Jones BP, Tay ET, Elikashvili I, et al. Feasibility and safety of substituting lung ultrasonography for chest radiography when diagnosing pneumonia in children: a randomized controlled trial. Chest 2016;150(1):131-138.
- randomized 191 children and adolescents with clinically suspected pneumonia to receive either CXR always followed by lung ultrasound (LUS)
- The median patient age was 3 years, and cough, difficulty breathing and fever were the most common symptoms.
- lung ultrasound was highly accurate for diagnosing pneumonia in children (96% sensitive, 93% specific, positive likelihood ratio = 15, negative likelihood ratio = .06).

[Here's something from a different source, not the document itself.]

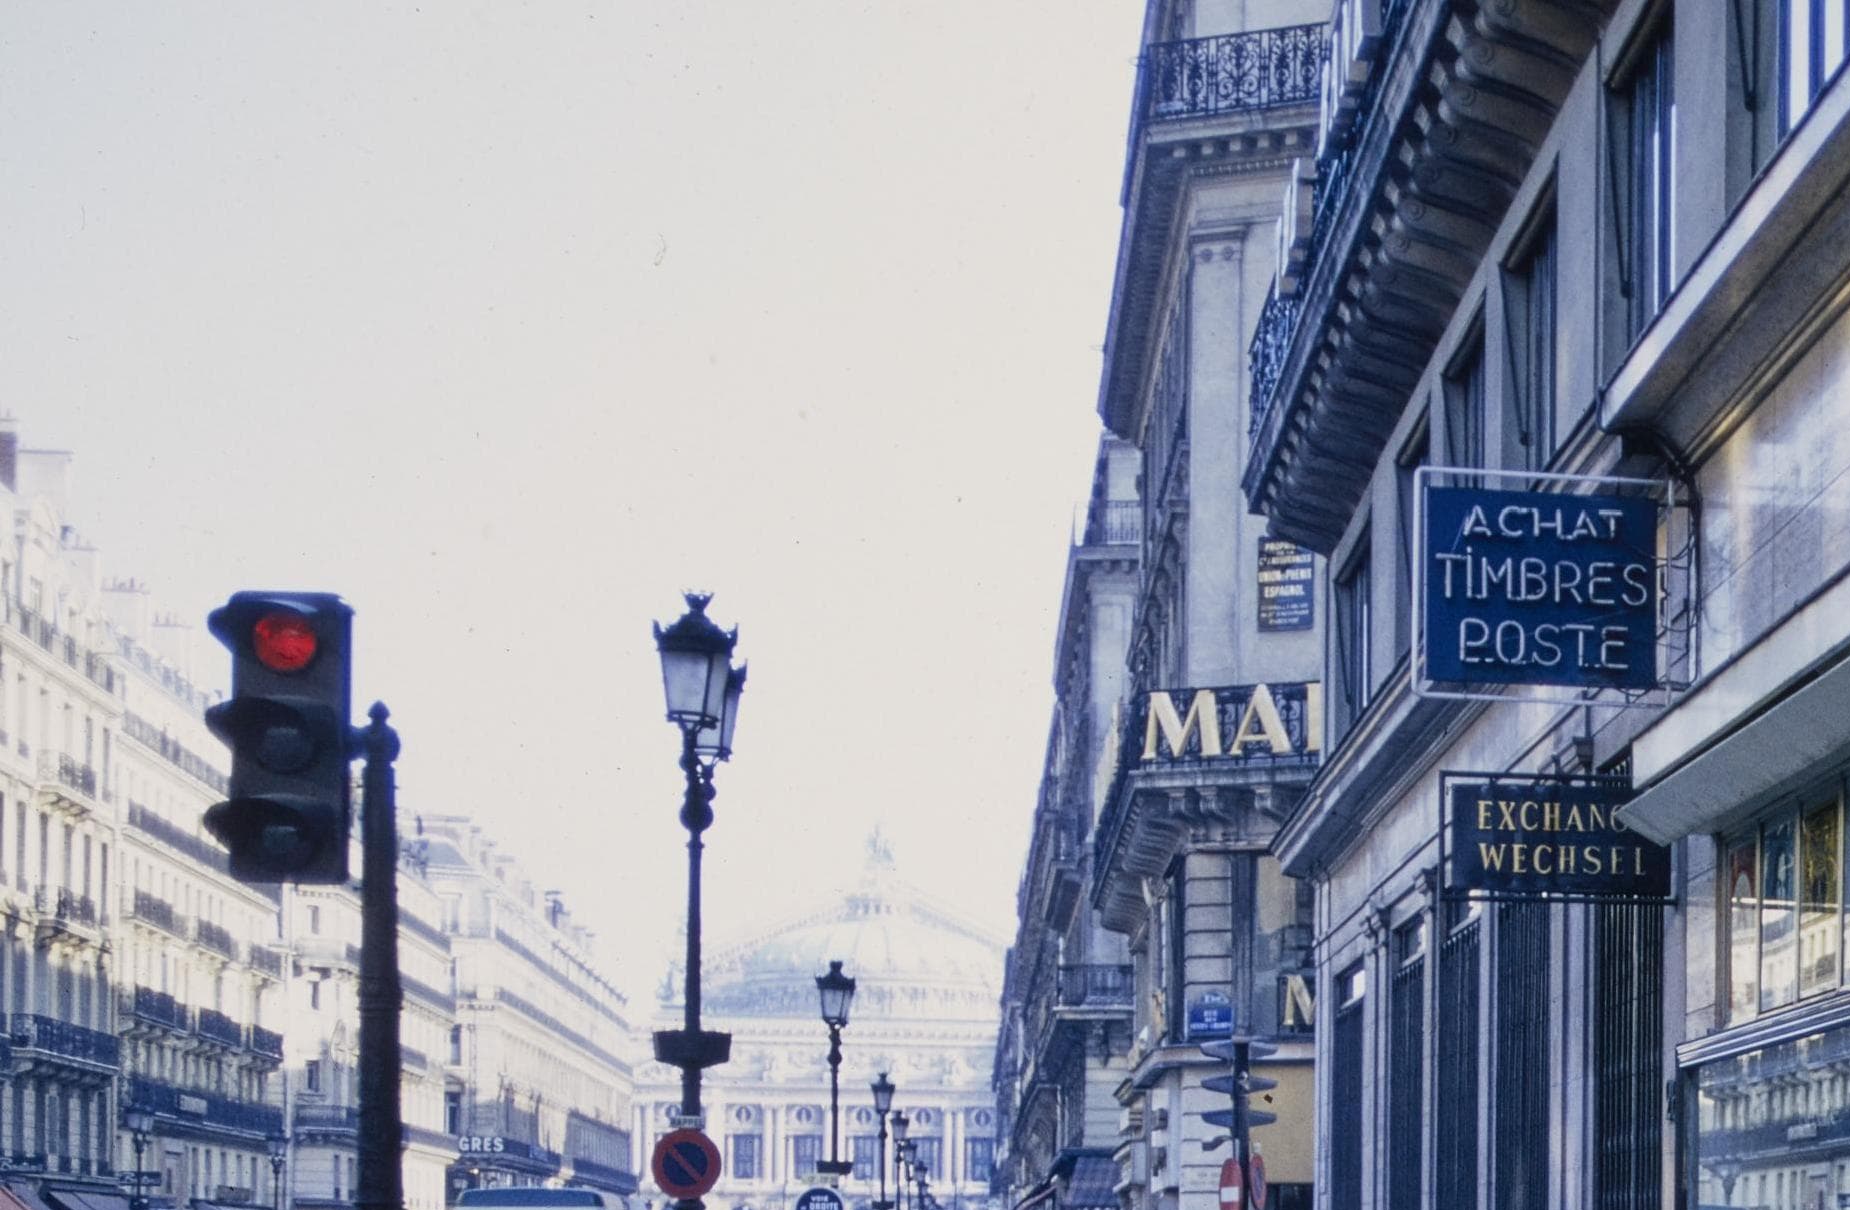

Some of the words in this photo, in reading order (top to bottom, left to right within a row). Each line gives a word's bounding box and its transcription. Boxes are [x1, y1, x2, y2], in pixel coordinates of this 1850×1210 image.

- Patients in the initial LUS group had fewer CXRs, with 40 of 103 patients not receiving one (NNT = 2.5 to prevent one CXR)
- There was also no difference in unscheduled healthcare visits or antibiotic use, and there was a nonsignificant 27-minute reduction in emergency department stay in the initial LUS group. Results looked even better with more experienced sonologists.
A. Handheld ultrasound is making its way into clinical practice, and this study shows that it can safely reduce the use of chest radiography (CXR) in children with clinically suspected pneumonia and may make care more efficient.